Il tend son paquet de cigarettes à Hussein. Hussein, imperturbable, prend une cigarette, et, sans un mot, l’allume. Cloclo en propose une à Mohammed, dont le visage s’éclaire. Il le remercie avec un grand sourire. Un dialogue en hébreu commence. Sans moi, naturellement. Après quelques minutes, Mohammed éclate de rire. Cloclo crie quelques mots en direction de ses hommes. Ils le regardent tous avec l’air surpris. Hussein et Mohammed se lèvent, se dirigent vers le char. Un soldat les aide à monter.
— T’es content ?
— Surpris. Content…
— Je peux te poser une question ?
— Tant qu’on est là…
— Qu’est-ce que tu fais là ?
— Je conduis une ambulance.
— Oui, j’ai bien vu. Mais pourquoi ?
— C’est simple : si j’étais pas là, qu’est-ce qui se passerait, là ? Honnêtement.
— Je sais pas. Mais pourquoi tu es de leur côté ?
— Ils ont besoin d’aide, et je suis là.
— Et nous, on en a pas besoin, d’aide ?
— Combien d’ambulanciers israéliens tués cette année ? Combien blessés ? Combien arrêtés ?
— C’est pas qu’une question d’ambulanciers !
— Si. Votre guerre ne m’intéresse pas. Entre les kamikazes et ton engin, je ne fais pas la différence.
— Nous on se défend !
— Chez eux.
- T’es chiant.
— Désolé. Avant-hier j’ai un bébé qui est mort dans mon ambulance. Un type comme toi, dans un char, m’a interdit de traverser la place pour amener le gamin à l’hôpital. Note que je ne suis pas certain que le gamin aurait été sauvé à l’hôpital : le personnel a aussi interdiction de venir travailler. Tu vois ce que je veux dire ? Tes blessés, quand tu en as, il n’y a pas de barrages pour aller à l’hosto, je crois.
— Mais ils transportent des terroristes dans les ambulances !
— Aha. Un terroriste de deux mois.
— Écoute, je suis désolé…
— J’en suis tout à fait certain.
— Eh, t’es vraiment chiant, hein !
Cloclo se retourne. Il reste silencieux pendant un petit moment. Sa radio lui parle. Il répond.
— Bon. Tu vas où, avec ton ambulance ?
— Tu le sais très bien. On passe ici tous les jours.
— On a décidé de couper cet accès.
— Et je fais quoi ?
— Pour toi, je vais faire une exception. Je vais te laisser passer, mais demain il faudra passer ailleurs.
— Où ?
— Je vais expliquer ça à tes gars.
— Merci.
— Je peux te poser encore une question ?
— Je t’en prie.
— Si Israël était envahi, et que les ambulances juives avaient des problèmes, est-ce que tu serais là ?

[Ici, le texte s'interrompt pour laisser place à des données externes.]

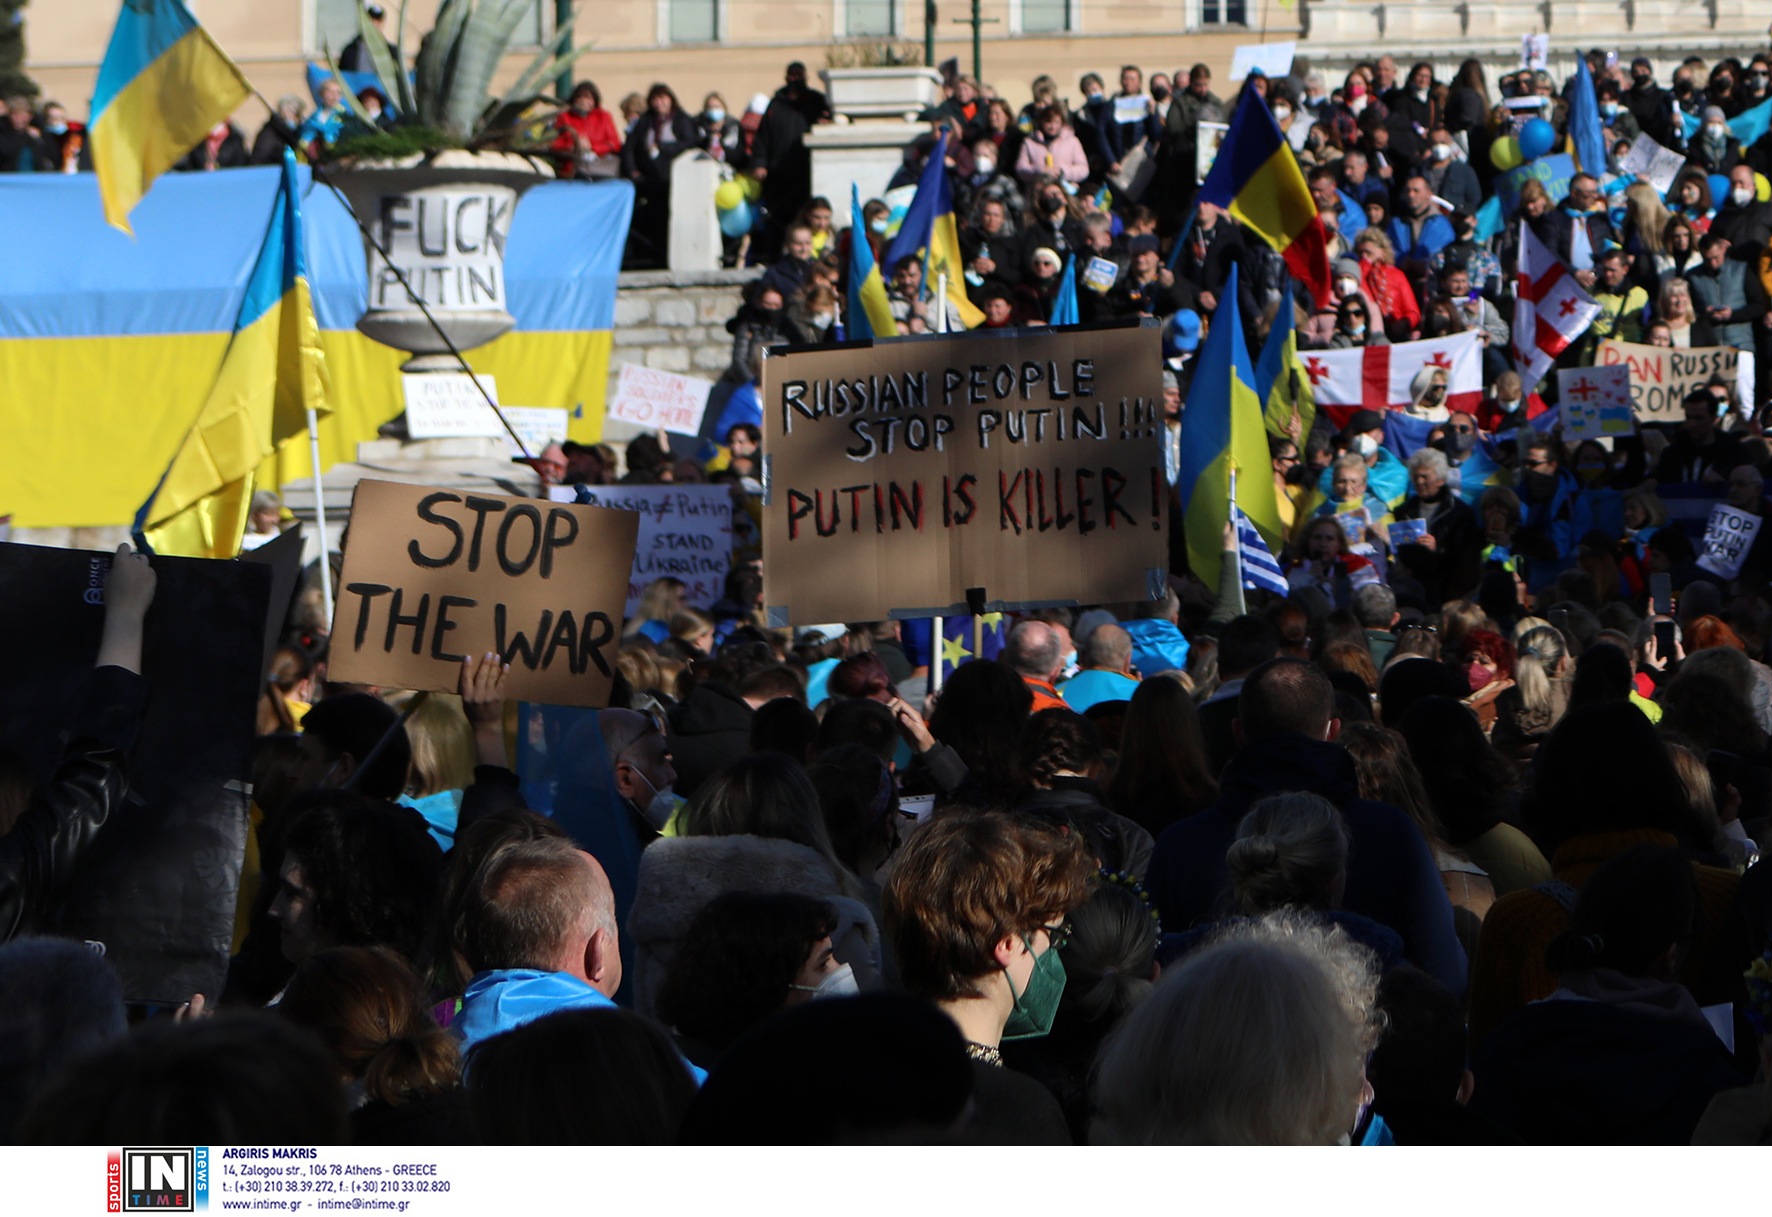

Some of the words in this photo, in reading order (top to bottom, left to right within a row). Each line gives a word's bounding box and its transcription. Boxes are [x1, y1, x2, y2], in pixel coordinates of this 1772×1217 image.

[380, 195, 510, 262] FUCK
[378, 265, 497, 305] PUTIN
[781, 370, 929, 435] RUSSIAN
[942, 358, 1096, 407] PEOPLE
[845, 413, 955, 463] STOP
[977, 401, 1108, 451] PUTIN
[408, 491, 579, 579] STOP
[787, 479, 925, 541] PUTIN
[942, 473, 979, 530] IS
[998, 466, 1139, 536] KILLER
[1710, 510, 1755, 533] STOP
[89, 557, 100, 587] ONCE
[652, 534, 714, 550] STAND
[346, 583, 479, 663] THE
[494, 603, 617, 678] WAR
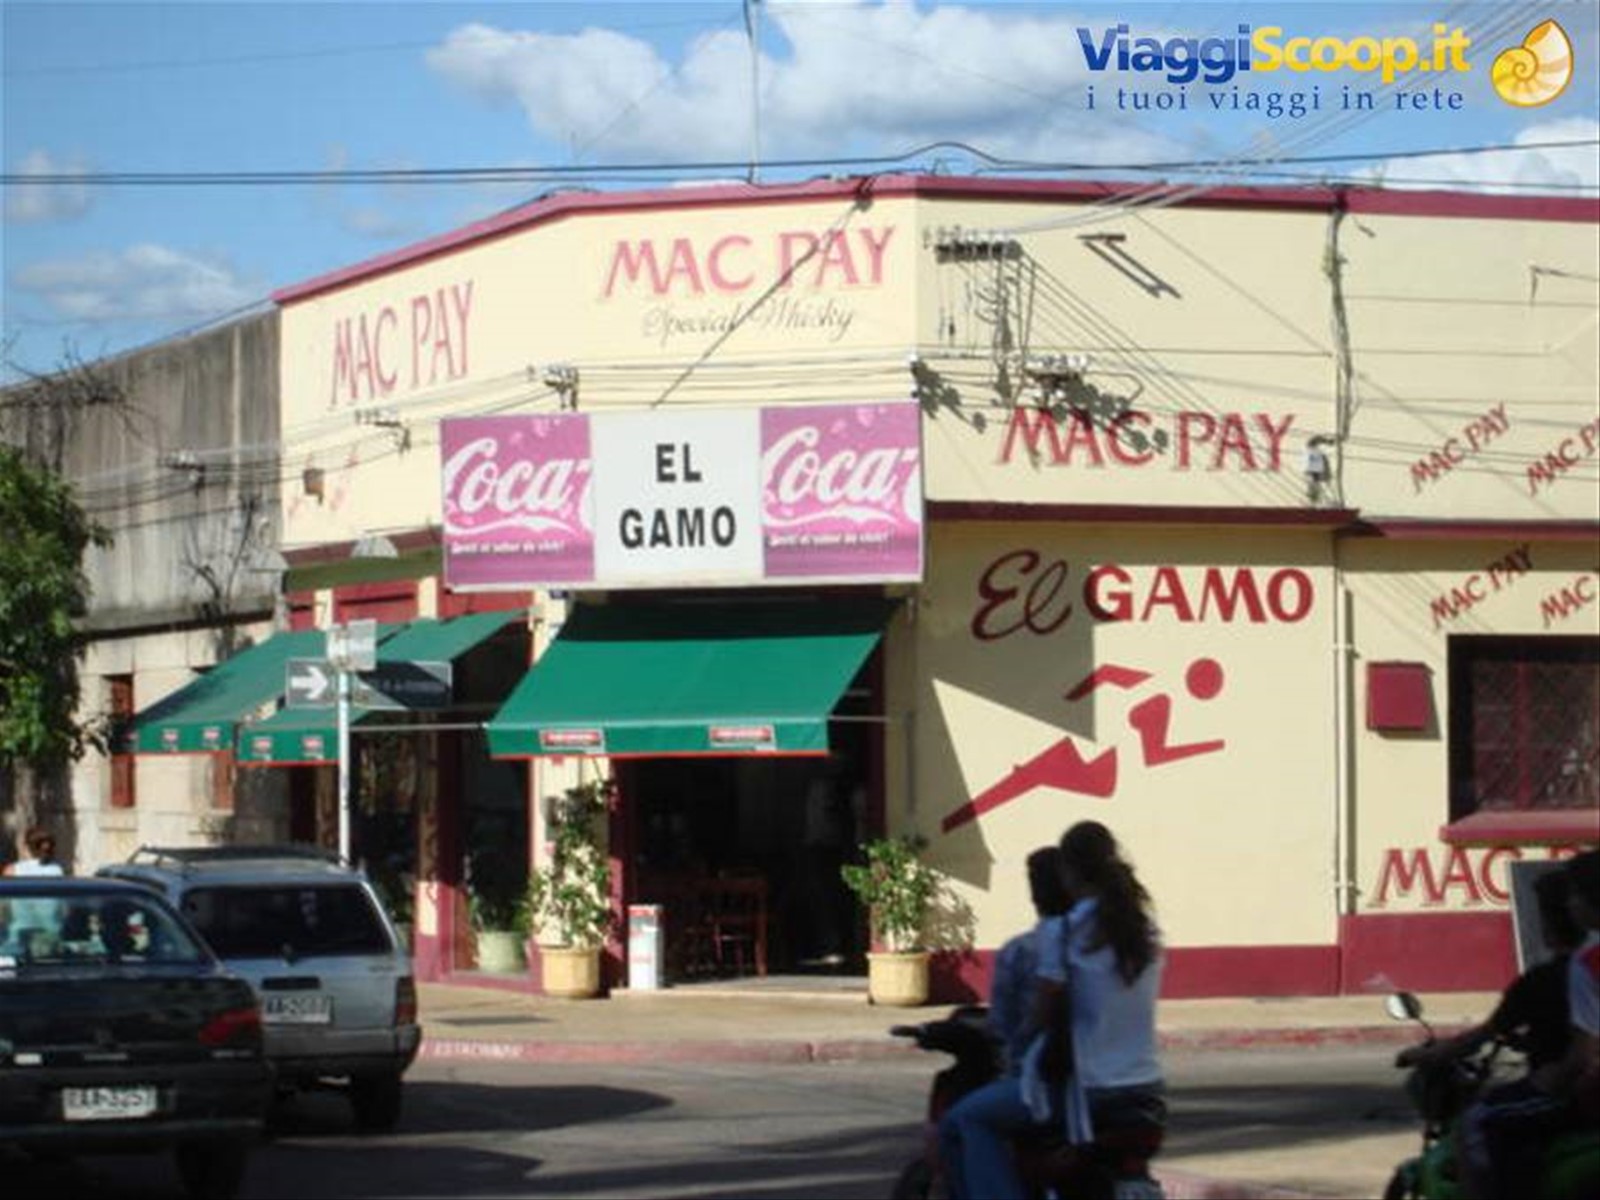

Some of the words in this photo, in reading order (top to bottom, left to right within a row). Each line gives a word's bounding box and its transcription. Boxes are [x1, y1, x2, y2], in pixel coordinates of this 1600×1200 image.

[605, 233, 755, 298] MAC
[777, 226, 896, 290] PAY
[327, 306, 399, 411] MAC
[410, 279, 474, 390] PAY
[640, 301, 745, 347] Special
[749, 296, 855, 342] Whisky
[655, 443, 702, 483] EL
[995, 405, 1154, 468] MAC
[1172, 410, 1296, 471] PAY
[1409, 437, 1466, 495] MAC
[1463, 400, 1511, 455] PAY
[1526, 437, 1581, 498] MAC
[619, 506, 737, 550] GAMO
[970, 549, 1073, 641] El
[1083, 565, 1314, 623] GAMO
[1429, 574, 1487, 631] MAC
[1486, 542, 1534, 591] PAY
[1539, 575, 1597, 630] MAC
[1366, 846, 1521, 908] MAC

— Juifs, non juifs, je m’en fous. À même problème, même solution. Oui, je serais là. Pareil.
— Merci.
— J’t’en prie.
Cloclo me tend la main. Je la prends. Il s’en va. Il grimpe sur son char. Hussein et Mohammed en sortent. Il leur parle, leur montrant une carte routière. Ils le remercient, visiblement, et grimpent à bord de l’ambulance.
Le moteur du char démarre. Un membre de l’équipage accroche un câble entre le bloc de béton et le char.
Il faisait « Zip » quand il roulait
« Bap » quand il tournait
« Brrr » quand il marchait
Le char remorque le bloc de béton. Pendant ce temps là, Hussein répercute ce qui s’est passé au téléphone. Je redémarre, j’avance, lentement.
Je m’arrête au niveau de Cloclo. Il me fait un clin d’œil. Je hoche la tête. Dans ma tête, notre dialogue. On roule en silence.
Cloclo m’aurait-il laissé sauver le gamin d’avant-hier ? M’aidera-t-il à sauver un gamin demain ? Et quand bien même… combien de Cloclo dans l’armée israélienne ?
Jénine, novembre 2002—Berlin, mai 2010.